> _Listed entries_
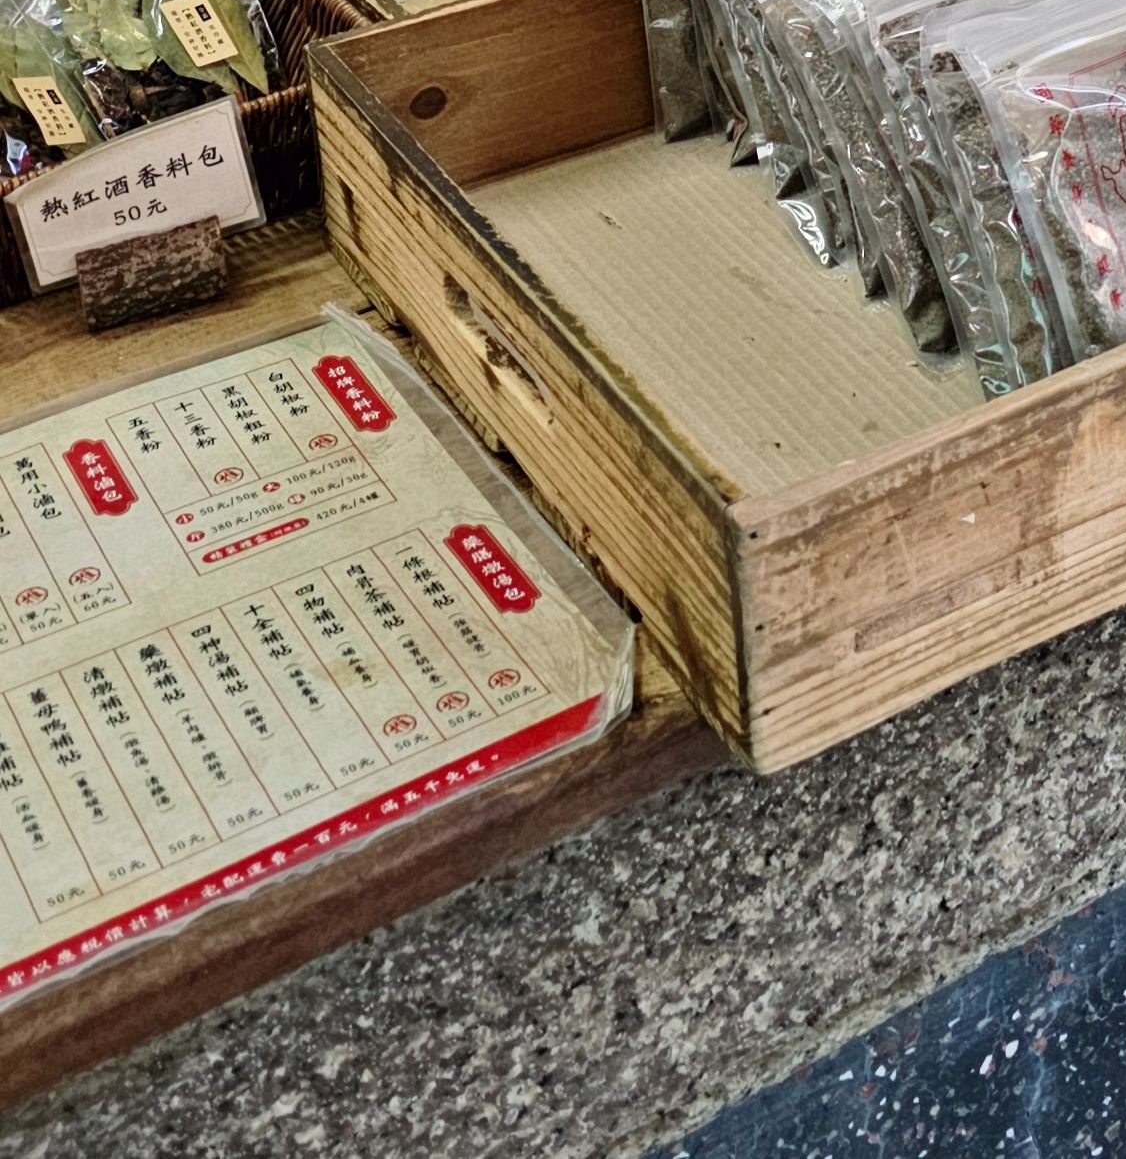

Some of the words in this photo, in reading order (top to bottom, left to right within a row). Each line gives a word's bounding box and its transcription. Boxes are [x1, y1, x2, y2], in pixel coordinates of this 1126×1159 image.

[40, 144, 225, 223] 熱紅酒香料包
[221, 385, 272, 445] 黑胡椒粗粉
[269, 371, 309, 417] 白胡椒粉
[327, 366, 381, 423] 招牌香料粉
[128, 416, 162, 454] 五香粉
[174, 401, 216, 449] 十三香粉
[14, 457, 62, 520] 萬用小滷包
[81, 450, 122, 503] 香料滷包
[346, 564, 404, 632] 肉骨茶補帖
[395, 546, 455, 610] 一條根補帖
[460, 535, 526, 601] 藥膳燉湯包
[243, 603, 292, 661] 十全補帖
[294, 583, 344, 639] 四物補帖
[138, 643, 186, 705] 藥燉補帖
[190, 624, 249, 698] 四神湯補帖
[83, 665, 131, 728] 清燉補帖

> _Instructions to follow_
Write out the listing above in full, word for word, with no pictures.

> _Output of the exercise_
Some of the words in this photo, in reading order (top to bottom, left to right within a row). Each line gives a word's bounding box and its transcription. Boxes are [x1, y1, x2, y2], in pixel coordinates of this 1126×1159 image.

[40, 144, 225, 223] 熱紅酒香料包
[221, 385, 272, 445] 黑胡椒粗粉
[269, 371, 309, 417] 白胡椒粉
[327, 366, 381, 423] 招牌香料粉
[128, 416, 162, 454] 五香粉
[174, 401, 216, 449] 十三香粉
[14, 457, 62, 520] 萬用小滷包
[81, 450, 122, 503] 香料滷包
[346, 564, 404, 632] 肉骨茶補帖
[395, 546, 455, 610] 一條根補帖
[460, 535, 526, 601] 藥膳燉湯包
[243, 603, 292, 661] 十全補帖
[294, 583, 344, 639] 四物補帖
[138, 643, 186, 705] 藥燉補帖
[190, 624, 249, 698] 四神湯補帖
[83, 665, 131, 728] 清燉補帖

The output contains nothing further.